The Laboratory Integration and Prioritization System (LIPS) was developed in 1993 to prioritize laboratory activities that compete for limited resources. The Los Alamos National Laboratory (LANL), the Lawrence Livermore National Laboratory (LLNL), and the Sandia National Laboratory (SNL) collaborated with DOE Defense Programs to develop a risk-based prioritization system and implementation process to achieve as much risk reduction and benefit enhancement as possible with available resources.

The LIPS approach enables management to thoroughly, accurately, and defensibly consider the diverse objectives of competing projects as well as the diverse viewpoints of stakeholders. It was designed as a management tool for prioritizing operational activities or tasks. These activities or tasks may address continuing requirements or new problems and issues.

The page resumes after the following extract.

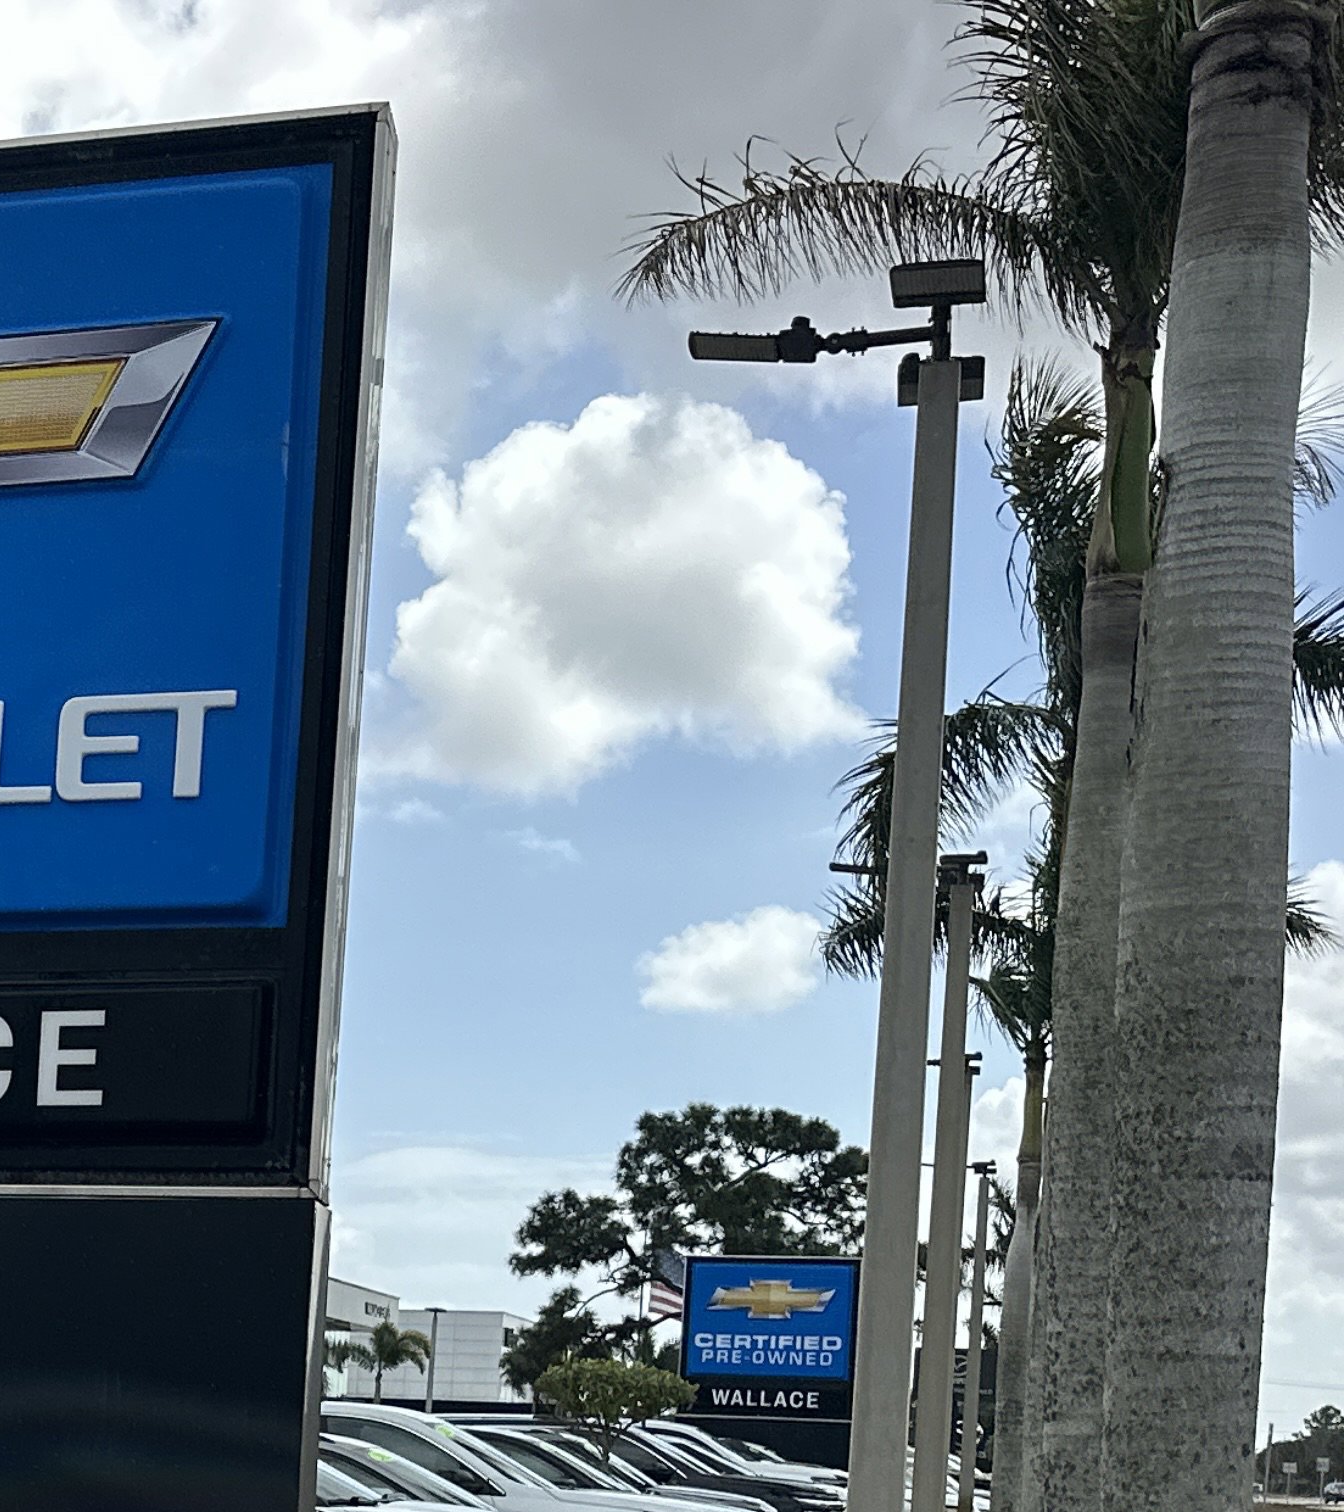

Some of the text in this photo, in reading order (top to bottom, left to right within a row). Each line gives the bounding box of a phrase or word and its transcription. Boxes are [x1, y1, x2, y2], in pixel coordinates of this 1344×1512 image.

Unlike many other prioritization processes, LIPS is used to identify the activities producing the most cost-effective risk reduction, not to identify the activities addressing the greatest hazard or source of risk. LIPS prioritizes the value of solutions, not the severity of problems. Despite the emphasis on cost-effective risk reduction, the LIPS prioritization model can be used to help track and report on baseline risk levels. The most appropriate applications of LIPS arise when managers have to allocate limited resources to many different proposed activities. Applications of LIPS are particularly useful when activities are costly, are in different sub-functional areas managed by several different individuals, and/or the constraint on available resources is tight enough to generate difficult, and possibly unpopular, decisions.

Managers may use LIPS to evaluate all activities within an organizational or functional area. They may also elect to evaluate only the subset of their activities about which funding or manpower decisions are particularly hard, such as investment/divestment options. LIPS could also be used to select the most effective solution to a problem from several competing solutions. Alternatively, if limited funding prevents all activities from being undertaken simultaneously, the decision on which ones to implement could be assisted by a ranking of only those activities for which some flexibility exists.

This systematic prioritization procedure helps managers make rational choices in the midst of technical, environmental, legal, economic, and political complexities. The approach documents decision-making logic and helps managers explain and defend the allocation of resources. The process also provides a basis for communicating the logic of prioritization to the public, employees, regulators, and if necessary, the courts.

LIPS was designed to do the following.

  • Calculate the risk and benefits of proposed activities in equivalent dollars.

  • Ensure consistency and ease of interpretation across DOE sites while accurately considering site-specific differences in objectives.

  • Prioritize a large number of diverse activities such as mission or safeguards and security.

  • Give appropriate credit for partial, sequential, and phased-action plans.

  • Facilitate communication of results to a wide range of audiences, including DOE, the public, the courts, and outside technical reviewers.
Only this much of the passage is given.